TASK MATERIAL:
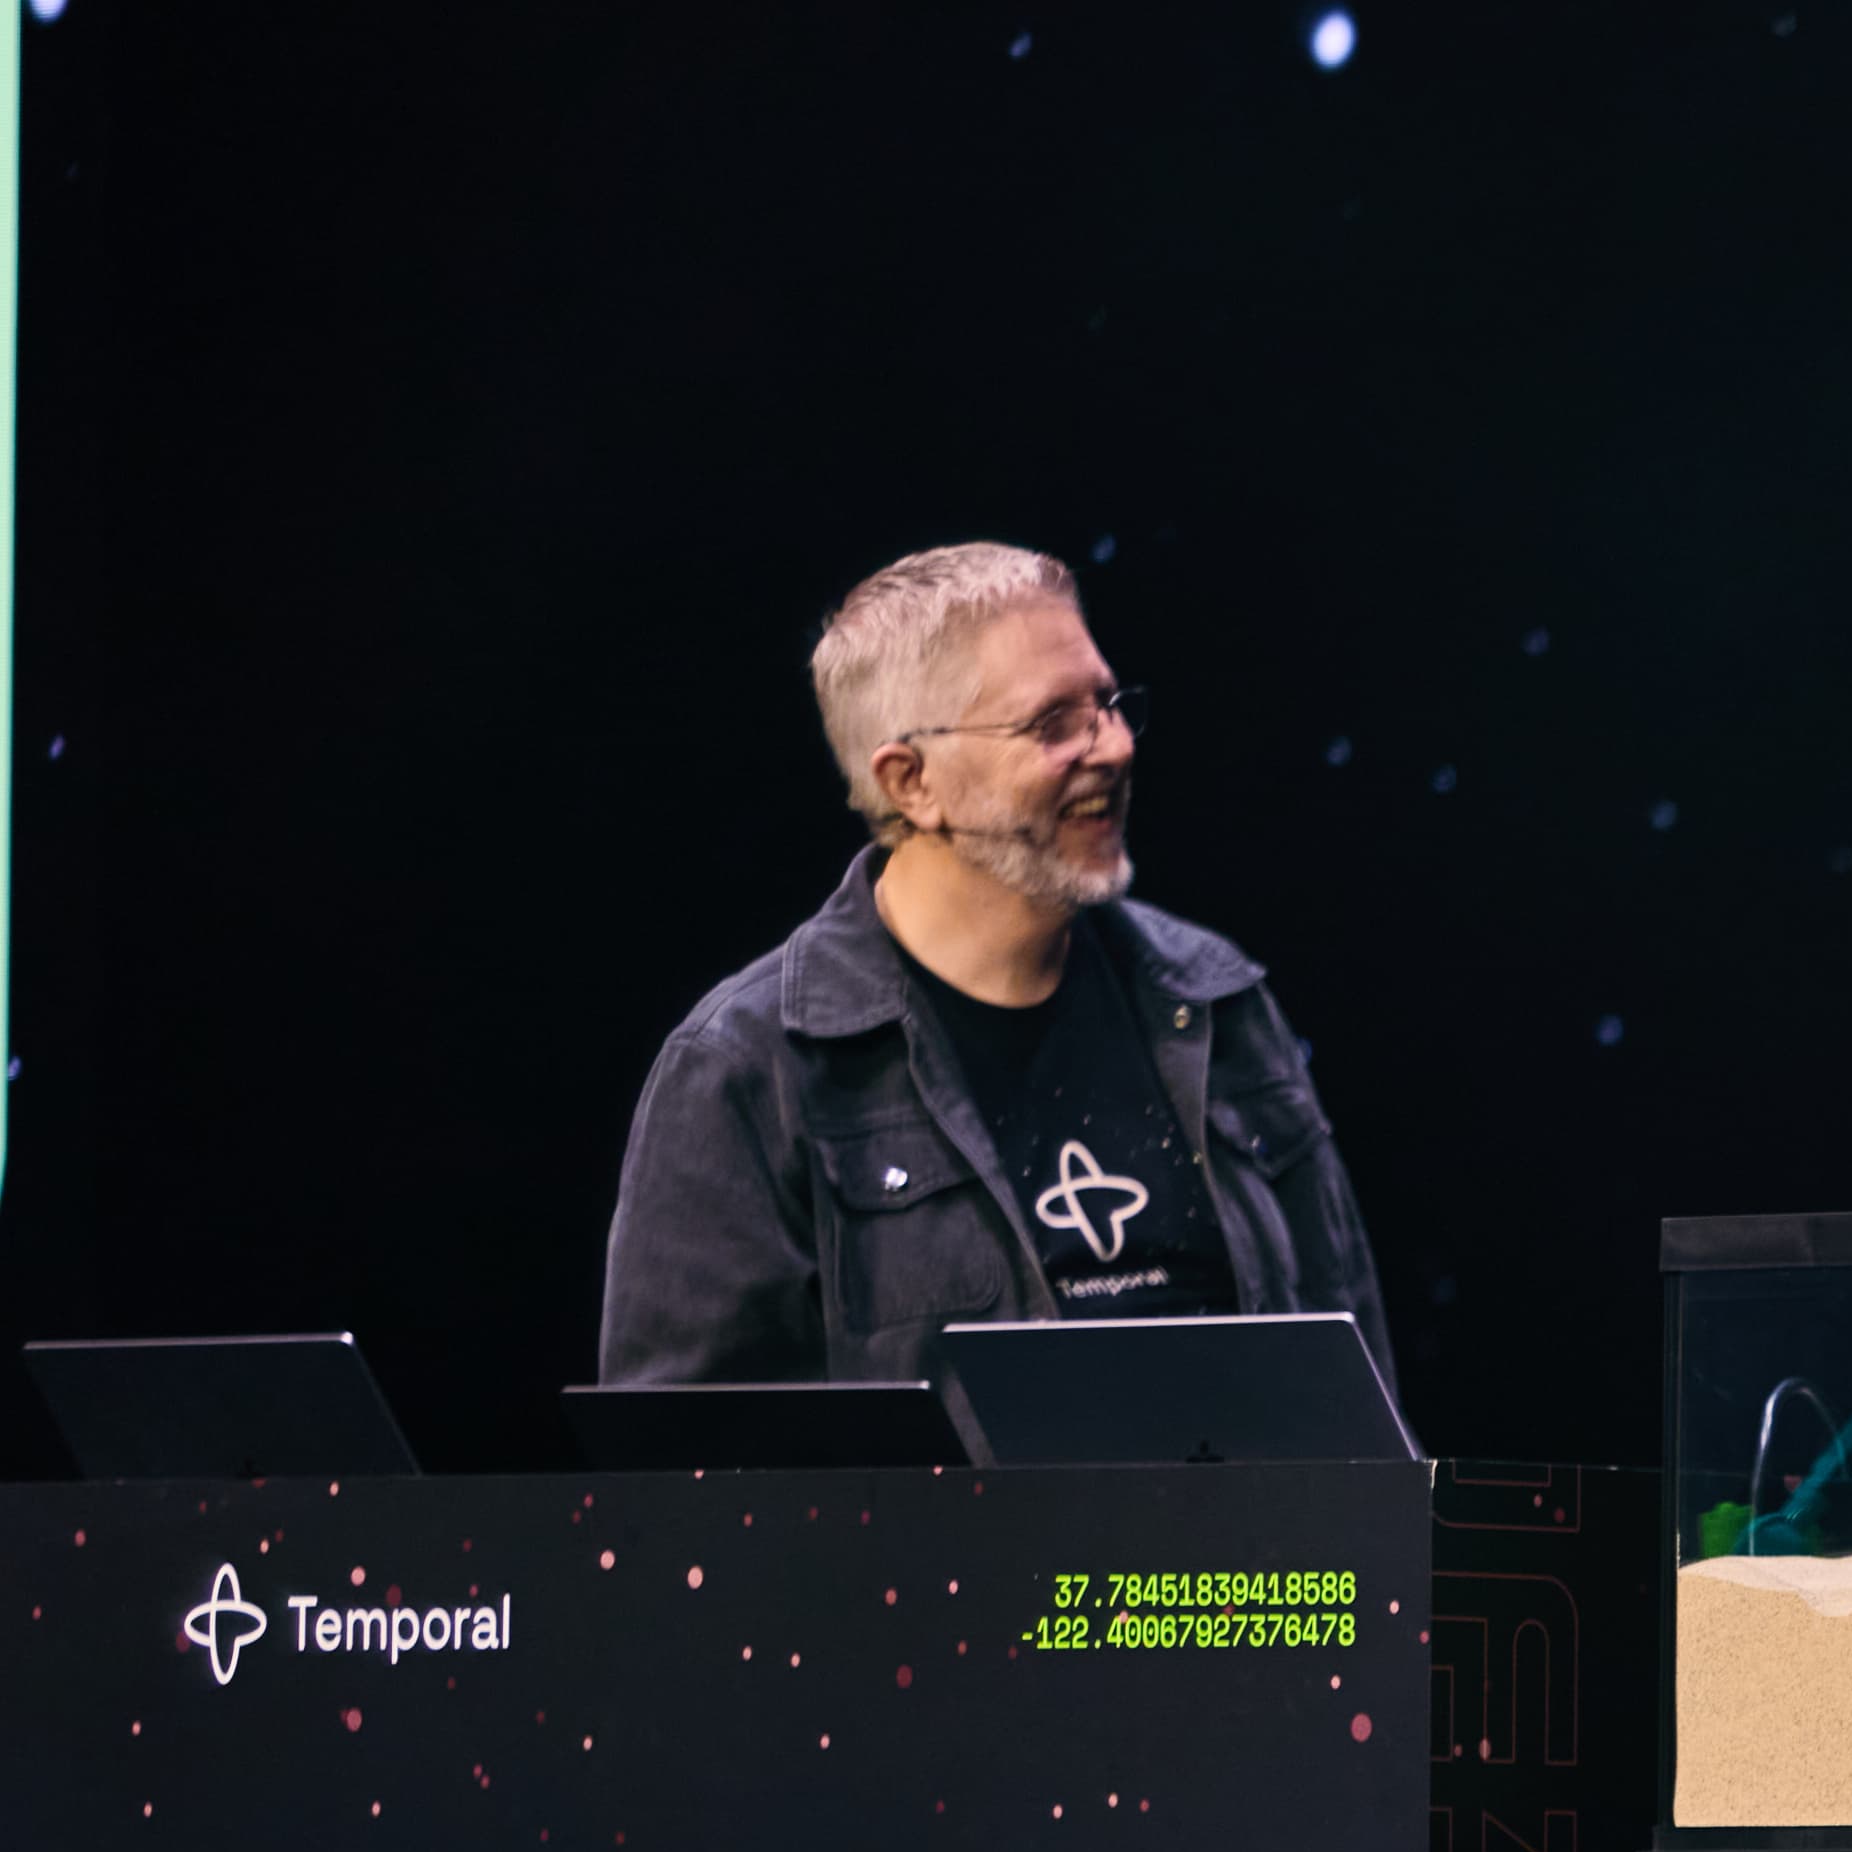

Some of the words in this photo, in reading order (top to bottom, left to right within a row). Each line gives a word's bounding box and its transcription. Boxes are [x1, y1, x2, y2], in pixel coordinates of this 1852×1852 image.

[1058, 1267, 1168, 1299] Temporal
[1054, 1571, 1357, 1608] 37.78451839418586
[287, 1593, 511, 1665] Temporal
[1021, 1613, 1357, 1650] -122.40067927376478
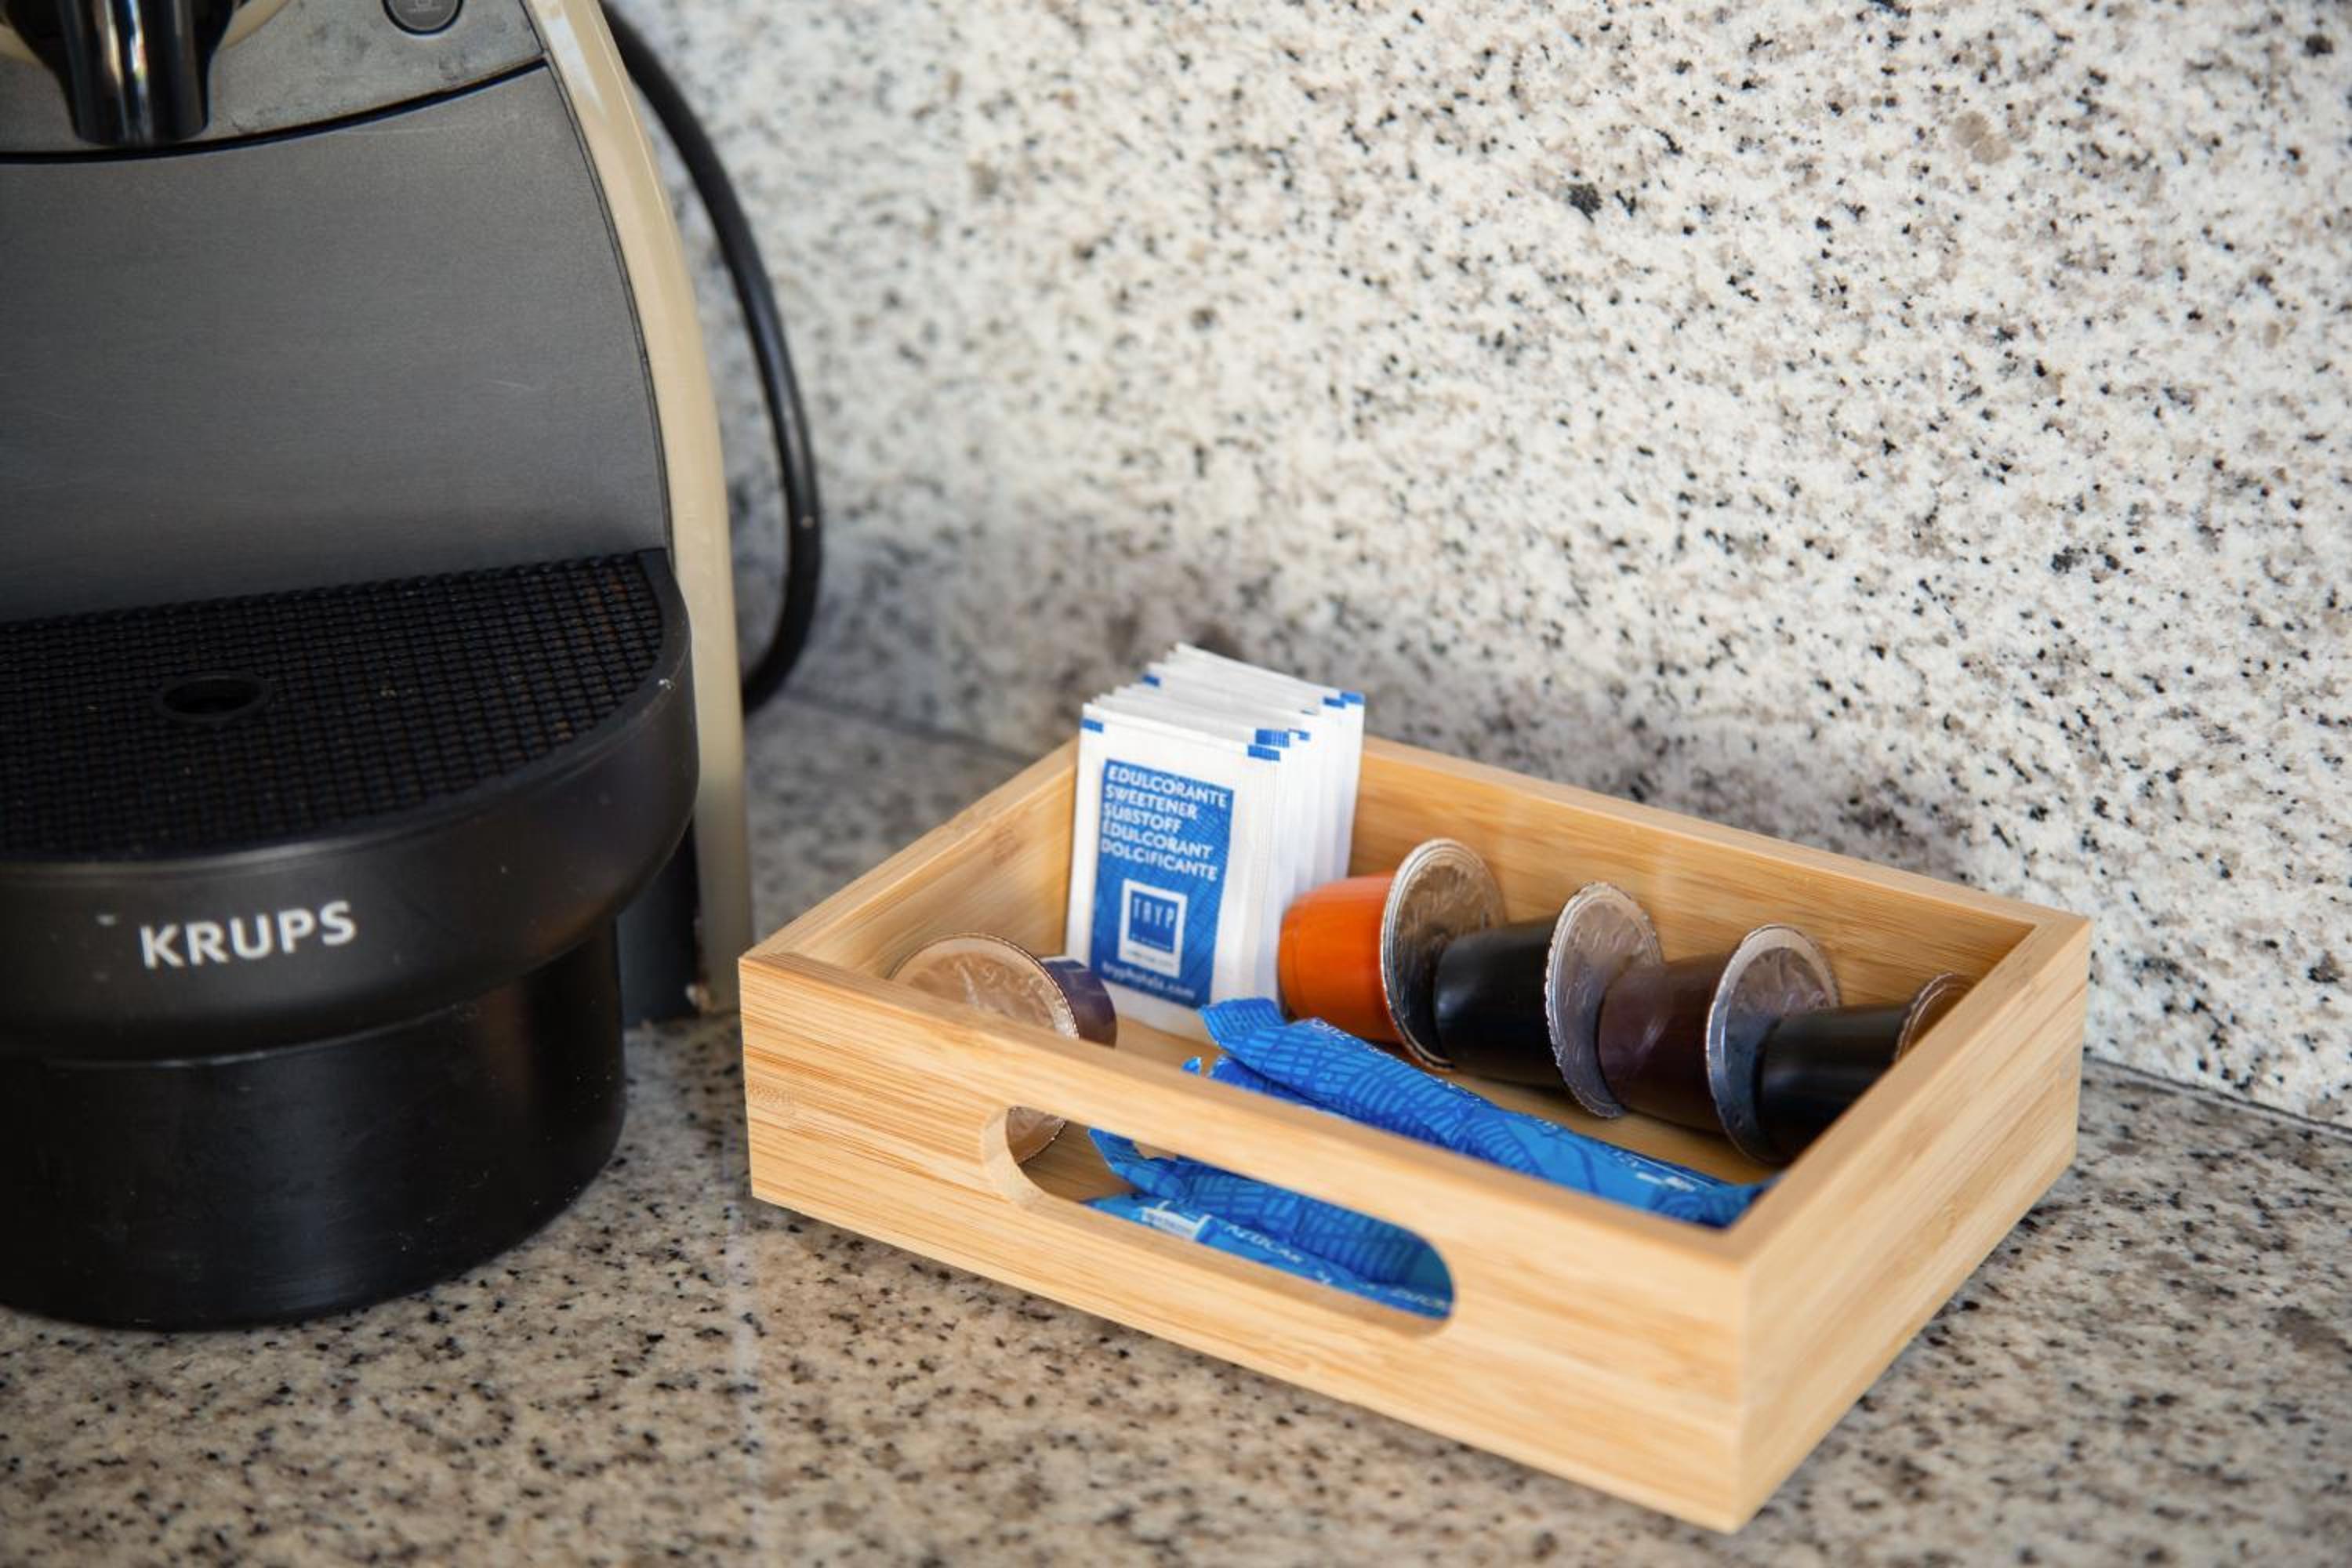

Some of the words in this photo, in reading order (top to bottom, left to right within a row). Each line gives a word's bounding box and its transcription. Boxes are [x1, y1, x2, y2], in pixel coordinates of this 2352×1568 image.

[1105, 783, 1198, 819] SWEETENER
[1107, 765, 1228, 808] EDULCORANTE
[1100, 838, 1218, 880] DOLCIFICANTE
[140, 900, 357, 969] KRUPS

PROBLEM DETAILS: Restate the material above word for word, omitting the pictures.

WRITTEN SOLUTION:
Some of the words in this photo, in reading order (top to bottom, left to right within a row). Each line gives a word's bounding box and its transcription. Boxes are [x1, y1, x2, y2], in pixel coordinates of this 1852×1852 image.

[1058, 1267, 1168, 1299] Temporal
[1054, 1571, 1357, 1608] 37.78451839418586
[287, 1593, 511, 1665] Temporal
[1021, 1613, 1357, 1650] -122.40067927376478

Some of the words in this photo, in reading order (top to bottom, left to right within a row). Each line gives a word's bounding box and its transcription. Boxes are [x1, y1, x2, y2], in pixel coordinates of this 2352×1568 image.

[1105, 783, 1198, 819] SWEETENER
[1107, 765, 1228, 808] EDULCORANTE
[1100, 838, 1218, 880] DOLCIFICANTE
[140, 900, 357, 969] KRUPS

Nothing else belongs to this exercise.